Felicia looked up at Jack. “Truly a case of unrequited love.”
“I’m sorry she didn’t get to see him again.”
“She had a good life,” Felicia said. “Well, at least as good as it
could be in that century.”
“It was my understanding it was a good time to live in,” Jack
said. “People were free to do as they pleased, go where they wanted.”
“Yeah if you were a European male with money,” Felicia replied.
“Everyone else had to contend with their rights being violated continually,
catching some disease, dying, or enduring hard physical labor and seeing very
little for their effort.”
“Yes, it could be a hard life, but there were positive things
about the time too.”
“Says the descendant of a European male with money.”
Jack frowned. “I don’t think that’s entirely fair.”
“I suppose not,” Felicia said. “Being three centuries removed from
the ludicrous racial discrimination of humanity’s past does give you some
excuse in that you don’t understand how people could treat one another on the
basis of such absurd premises.
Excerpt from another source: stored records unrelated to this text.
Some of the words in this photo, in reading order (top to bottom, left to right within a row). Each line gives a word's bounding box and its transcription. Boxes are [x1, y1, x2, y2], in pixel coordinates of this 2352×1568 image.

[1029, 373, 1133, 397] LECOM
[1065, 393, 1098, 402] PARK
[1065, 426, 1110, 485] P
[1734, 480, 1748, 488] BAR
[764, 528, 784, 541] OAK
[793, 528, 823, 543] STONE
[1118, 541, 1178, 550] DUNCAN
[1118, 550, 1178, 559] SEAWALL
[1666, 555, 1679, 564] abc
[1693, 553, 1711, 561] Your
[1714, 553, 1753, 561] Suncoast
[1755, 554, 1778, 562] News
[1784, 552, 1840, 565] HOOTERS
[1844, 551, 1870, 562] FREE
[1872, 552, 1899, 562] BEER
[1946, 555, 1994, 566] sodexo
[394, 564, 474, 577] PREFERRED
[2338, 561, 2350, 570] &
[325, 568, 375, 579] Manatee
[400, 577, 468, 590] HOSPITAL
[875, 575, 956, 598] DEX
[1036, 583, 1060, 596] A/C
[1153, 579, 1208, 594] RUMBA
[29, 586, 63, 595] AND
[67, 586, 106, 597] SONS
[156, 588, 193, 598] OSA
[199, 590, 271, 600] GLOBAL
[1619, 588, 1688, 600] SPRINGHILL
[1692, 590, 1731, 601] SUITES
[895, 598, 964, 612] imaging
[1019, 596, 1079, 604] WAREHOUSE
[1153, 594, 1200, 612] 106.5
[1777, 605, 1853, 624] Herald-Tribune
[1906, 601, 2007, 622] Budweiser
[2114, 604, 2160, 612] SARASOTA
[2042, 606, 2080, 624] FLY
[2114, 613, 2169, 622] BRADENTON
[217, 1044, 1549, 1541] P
But as a historian, I can’t ignore it.” She
smiled. “However, were you aware that Jack McCall’s wife was of Chinese
origin?”
Jack nodded. “Yes.”
“That was rather forward thinking for a man of his time,” Felicia
said. She stared at him for several moments. “Odd that you also married a woman
of Chinese origin.”
“But she and I are divorced.”
Felicia leaned forward on the table. “Are you intentionally trying
to repeat his life?”
“Not consciously,” Jack said. Telling the truth would explain all
of this to her. But it was the one thing he couldn’t do, and it would bring
forth even more difficult questions.
She grinned. “You could finally fulfill my ancestor’s infatuation
though from a distance of five centuries.”
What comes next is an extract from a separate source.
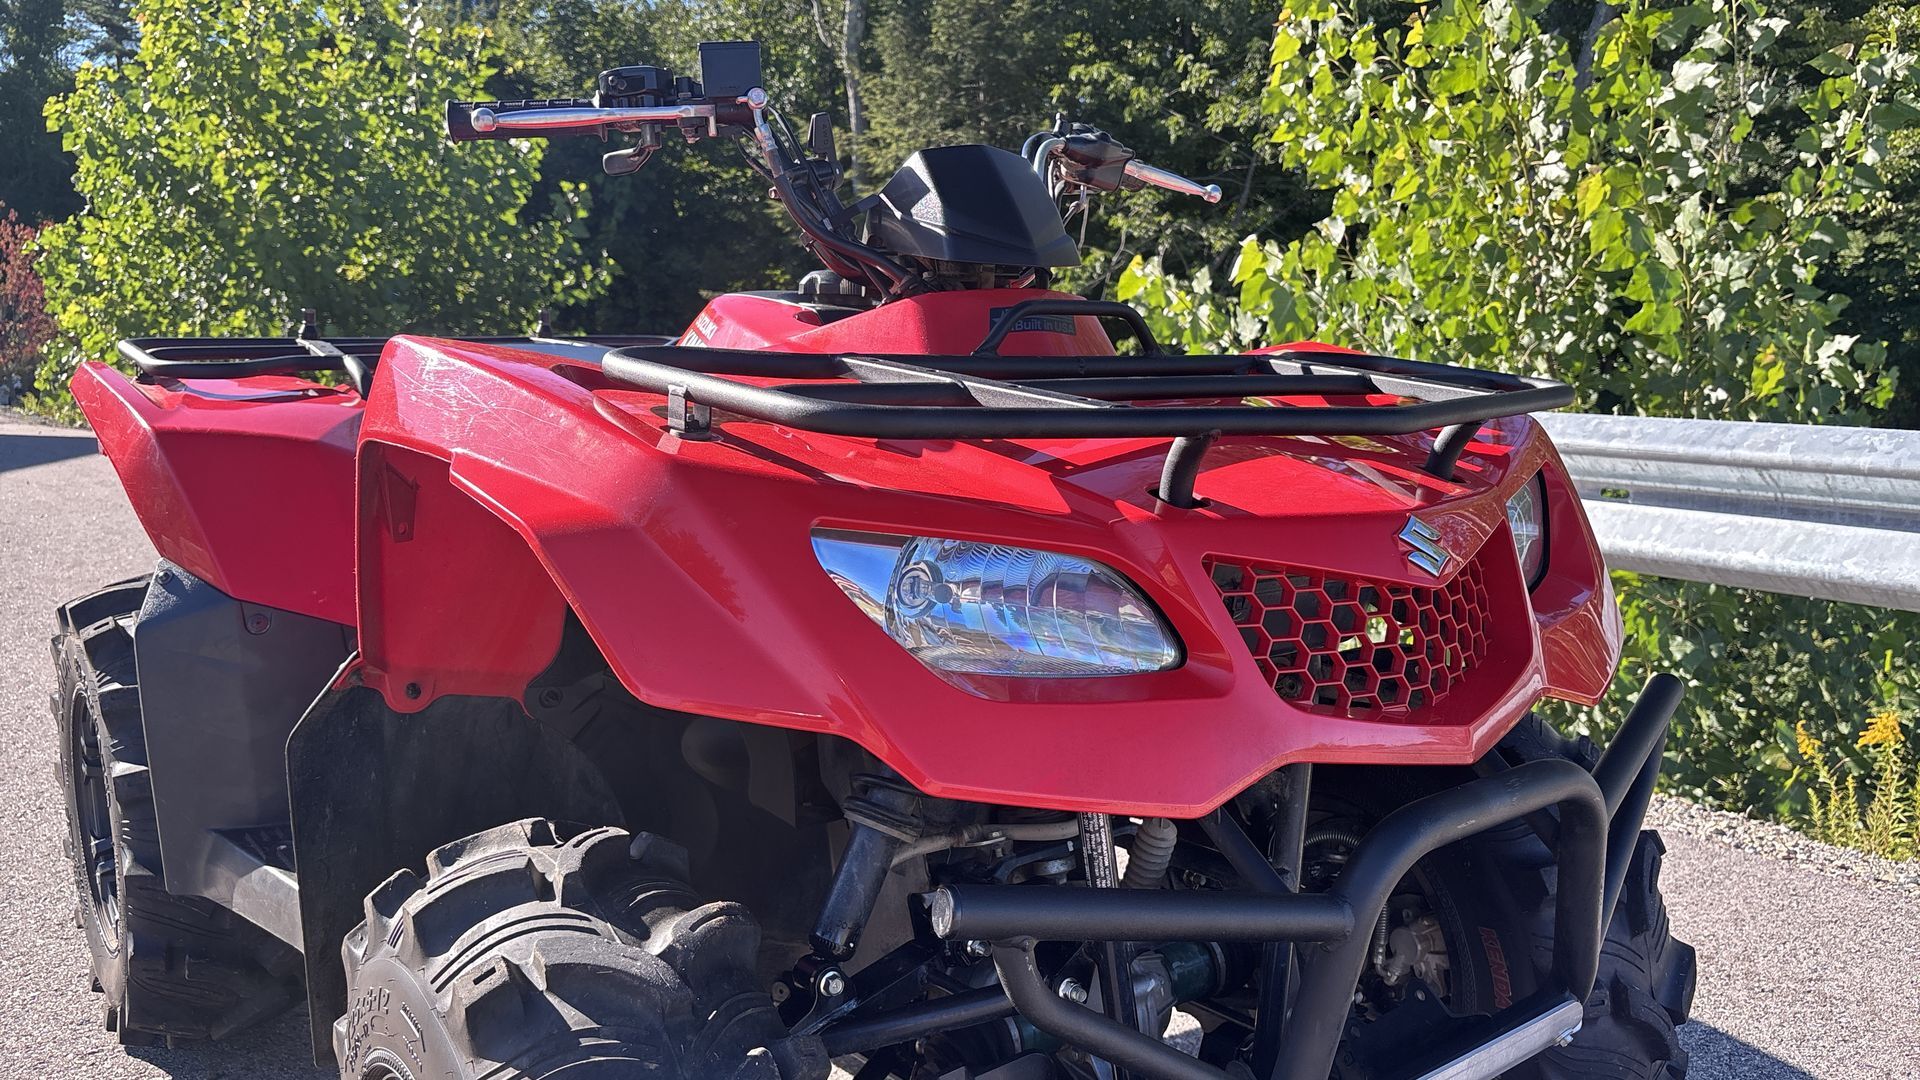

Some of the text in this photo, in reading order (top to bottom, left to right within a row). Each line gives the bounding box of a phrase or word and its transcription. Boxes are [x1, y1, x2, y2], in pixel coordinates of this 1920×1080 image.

[1016, 319, 1041, 330] Built
[1055, 320, 1074, 333] USA
[1100, 828, 1109, 866] CORPORATION
“How would I do that?” Jack asked, more curious than anything
else.
Felicia stared at him. “I like you, Jack.”
Jack smiled. “The feeling is mutual.”
She took a breath. “Would you like to go to the bedroom?”
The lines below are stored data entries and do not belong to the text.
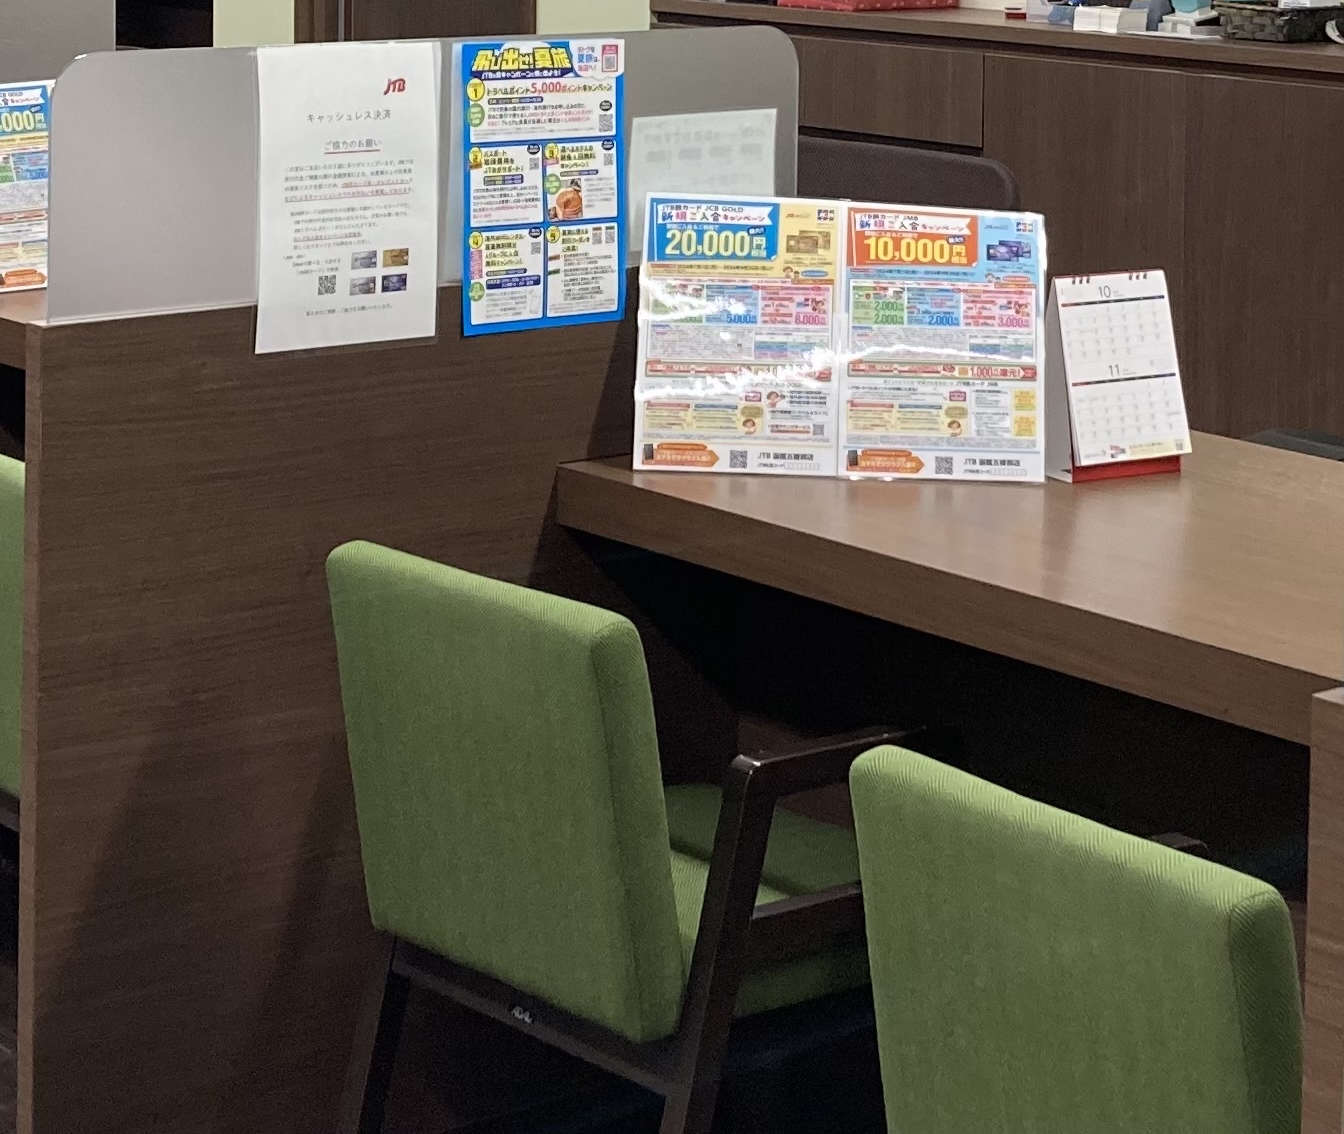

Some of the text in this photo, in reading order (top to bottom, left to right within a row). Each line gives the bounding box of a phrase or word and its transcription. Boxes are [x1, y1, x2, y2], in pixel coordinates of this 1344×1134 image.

[383, 77, 406, 95] JTB
[307, 109, 391, 123] キャッシュレス決済
[324, 138, 382, 150] ご協力のお願い
[1099, 285, 1111, 299] 10
[1109, 364, 1120, 377] 11
“Felicia… I like you, but I can’t.”
“I don’t understand.”
“I’m married.”
“But I thought you were divorced.”
“I was, but I got married again.”
“Where’s your wife?” Felicia asked. “Wife number two that is.”
“She’s serving aboard the ship I used to command.”
Felicia nodded. “Many light years away?”
“Yes,” Jack said, unsure where she was going with this.
Felicia took a long breath. “Look, I’m only looking for an
enjoyable night with a friend. I’m adult enough to understand your situation. I
realize it won’t go any further.” She smiled. “Unlike Anne Lowry, I’m not
infatuated with you.”
“I’m sorry if I gave you the wrong impression,” Jack said. “I’m
committed to my marriage.”
“I didn’t say you weren’t,” she replied.
“I’d like it if we could be friends.” Jack finally looked at her.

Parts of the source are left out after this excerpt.